1.2.Pursuant to Article 7 (1) of Regulation No 2784/79, the competent Netherlands authority was entitled in the circumstances to make an independent decision on the abovementioned application of the Interfacultair Instituut Electronenmicroscopie [Interfaculty Institute -for -Electron- Microscopy, -hereinafter referred to as “the Institute”] of the University of Groningen. On 23 January 1981 the Institute appealed to the Tariefcommissie against the decision of the competent administrative authority rejecting its application; after discussing the matter with the Institute, the Netherlands Government asked the Commission on 3 April 1981 to examine once again — with particular reference to the importation of the apparatus in question — whether apparatus of equivalent value was manufactured in the Community. That request was clearly prompted by the fact that the rejection of the application by the competent Netherlands authorities was based on Commission Decision 80/772/EEC of 18 July 1980 (Official Journal 1980, L 221, p.20). That decision concerned the same apparatus but related to another application. Since such applications are considered in the light of the specific research for which the apparatus in question is intended, it was conceivable that the specific research purpose of the apparatus concerned by the Institute's application might justify an exemption. In particular it might have appeared that the apparatus manufactured in the Community, the Philips “EM 400”, was not “of equivalent scientific value” to the imported Japanese apparatus. On 25 May 1981, this time at the request of Belgium, the Commission adopted Decision 81/415/EEC (Official Journal 1981, L 158, p. 24) in which the duty-free admission of the apparatus in question was refused for the same reasons as those given in Decision 80/772 of 18 July 1980. On 8 October 1981, after consulting the group of experts referred to in Article 7 (5) of Regulation No 2784/79, the Commission adopted Decision 81/843/EEC, to which the question referred to the Court for a preliminary ruling relates.

1.3.The question referred to the Court is as follows: “Has the Commission in its decision of 8 October 1981 (81/843/EEC) correctly interpreted and applied the term ‘of equivalent scientific value’ contained in Article 3 of Regulation (EEC) No 1798/75?” In the grounds for its order the Tariefcommissie drew attention inter alia to the fact that the Institute had stated, without being challenged on this point, that its research required an electron microscope with an acceleration capacity of 200 kV, and that the Philips apparatus did not meet that requirement.
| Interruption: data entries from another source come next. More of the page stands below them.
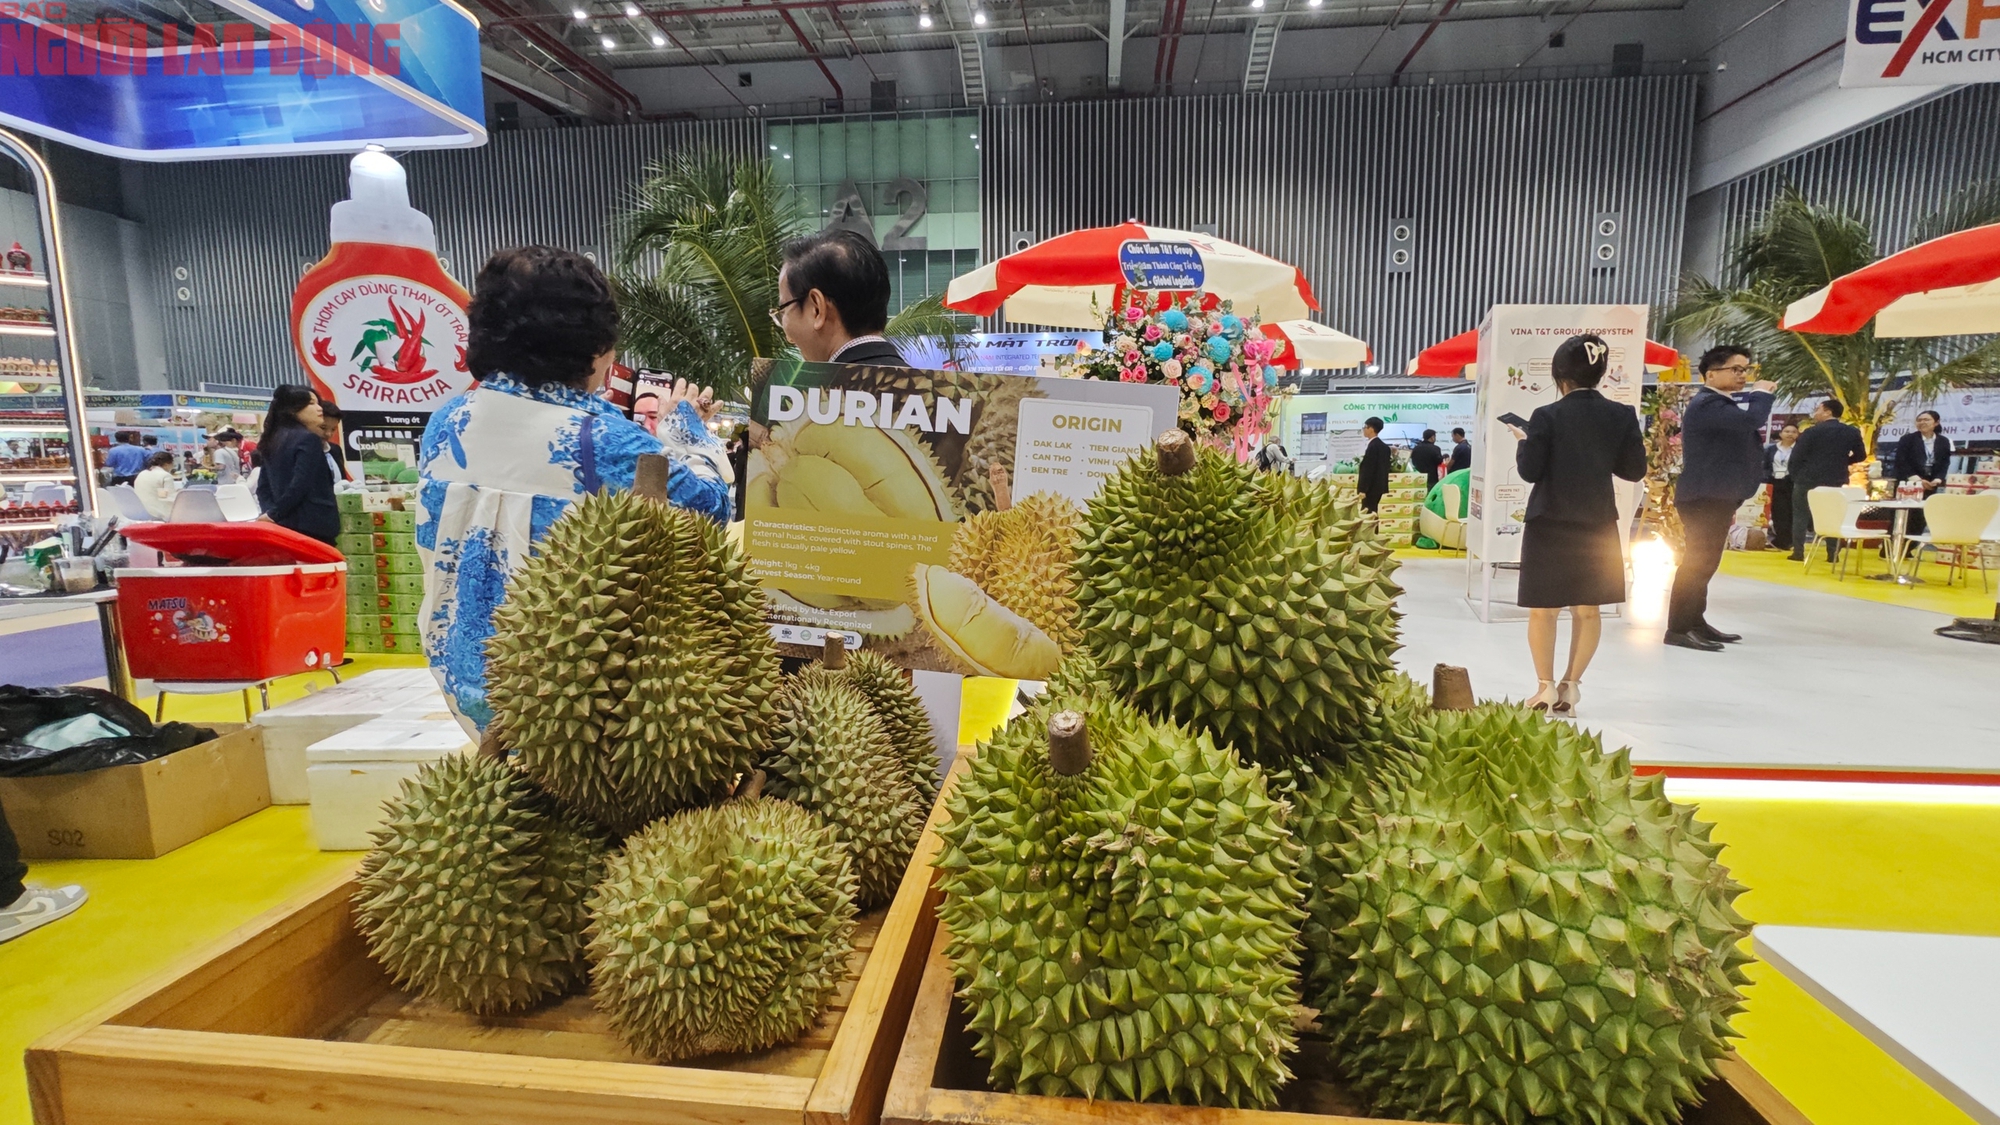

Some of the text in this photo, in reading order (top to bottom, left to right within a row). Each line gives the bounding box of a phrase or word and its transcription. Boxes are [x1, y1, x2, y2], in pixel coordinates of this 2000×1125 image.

[1922, 50, 1963, 64] HCM
[820, 177, 927, 251] A2
[1173, 244, 1193, 257] Group
[1152, 275, 1171, 287] Global
[1172, 274, 1195, 289] Logistics
[334, 287, 358, 306] CAY
[358, 281, 398, 296] DÙNG
[401, 285, 436, 306] THAY
[1510, 328, 1634, 336] VINA T&T GROUP ECOSYSTEM
[986, 338, 1028, 350] MẶT
[342, 373, 453, 404] SRIRACHA
[768, 384, 972, 435] DURIAN
[1344, 402, 1366, 410] CÔNG
[1052, 414, 1122, 433] ORIGIN
[1968, 425, 1984, 434] AN
[1033, 440, 1072, 450] DAK LAK
[1089, 444, 1140, 454] TIEN GIANG
[1032, 453, 1072, 462] CAN THO
[1088, 457, 1110, 466] VINH
[1031, 466, 1068, 476] BEN TRE
[753, 520, 816, 532] Characteristics:
[818, 525, 861, 536] Distinctive
[862, 530, 889, 539] aroma
[891, 532, 910, 541] with
[918, 534, 938, 543] hard
[752, 530, 932, 552] external husk, covered with stout spines. The
[752, 539, 857, 556] flesh is usually pale yellow.
[752, 558, 783, 569] Weight:
[784, 561, 798, 570] 1kg
[804, 563, 820, 572] 4kg
[784, 570, 815, 580] Season:
[816, 574, 862, 584] Year-round
[148, 598, 187, 610] MATSU
[800, 606, 810, 615] by
[812, 608, 827, 616] U.S.
[829, 609, 856, 618] Export
[823, 618, 872, 630] Recognized
[48, 829, 86, 847] S02
It considered moreover that no further reasons were given in the decision for the view taken by the Commission which is disputed by the Institute, while the defendant (the Inspector of Customs and Excise, Groningen) took the view that his only task was to implement the decision.
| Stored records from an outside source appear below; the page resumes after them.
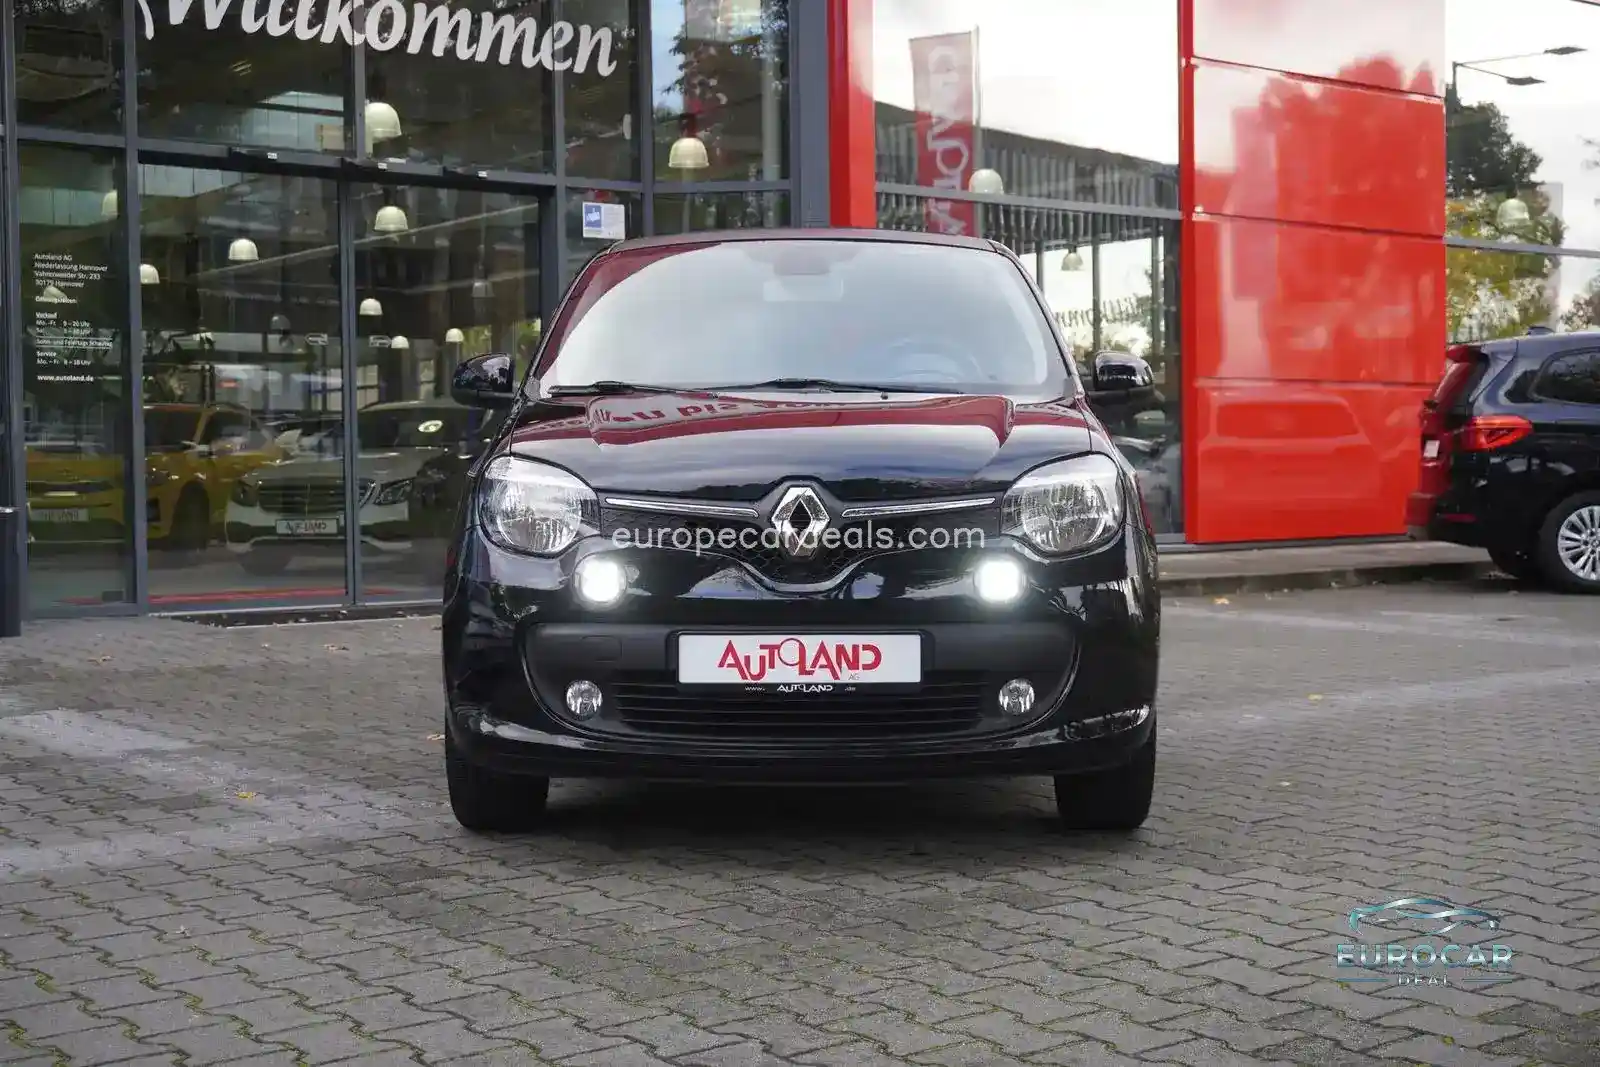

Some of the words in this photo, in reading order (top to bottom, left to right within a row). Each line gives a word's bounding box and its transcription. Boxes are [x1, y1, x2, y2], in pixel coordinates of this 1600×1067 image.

[34, 253, 62, 261] Autoland
[34, 262, 78, 271] Niederlassung
[79, 264, 108, 272] Hannover
[37, 372, 94, 382] www.autoland.de
[716, 637, 883, 681] AUTOLAND
[776, 683, 834, 692] AUTOLAND
1.4.For further details of the relevant provisions, the facts and the procedure before the national court, and of the written observations submitted by the Italian Government, the Netherlands Government and the Commission, I shall here generally confine myself to making reference to the Report for the Hearing. With regard to the written observations submitted, in the first place I attach some importance to the view expounded by the Italian Government that the decision must contain adequate information regarding the reasons for the approval or refusal of exemption, so that they can serve as guidance for the decision of other similar cases and also so that in each particular case it can be seen whether the decision was taken on the correct basis. Secondly, I share the Commission's view that the important point with regard to the question before the Court is not whether or not Article 3 of Regulation No 1798/75 has been correctly interpreted or applied, but whether the decision in question is valid, taking into account the way in which the Commission interpreted and applied the concept of “equivalent scientific value”.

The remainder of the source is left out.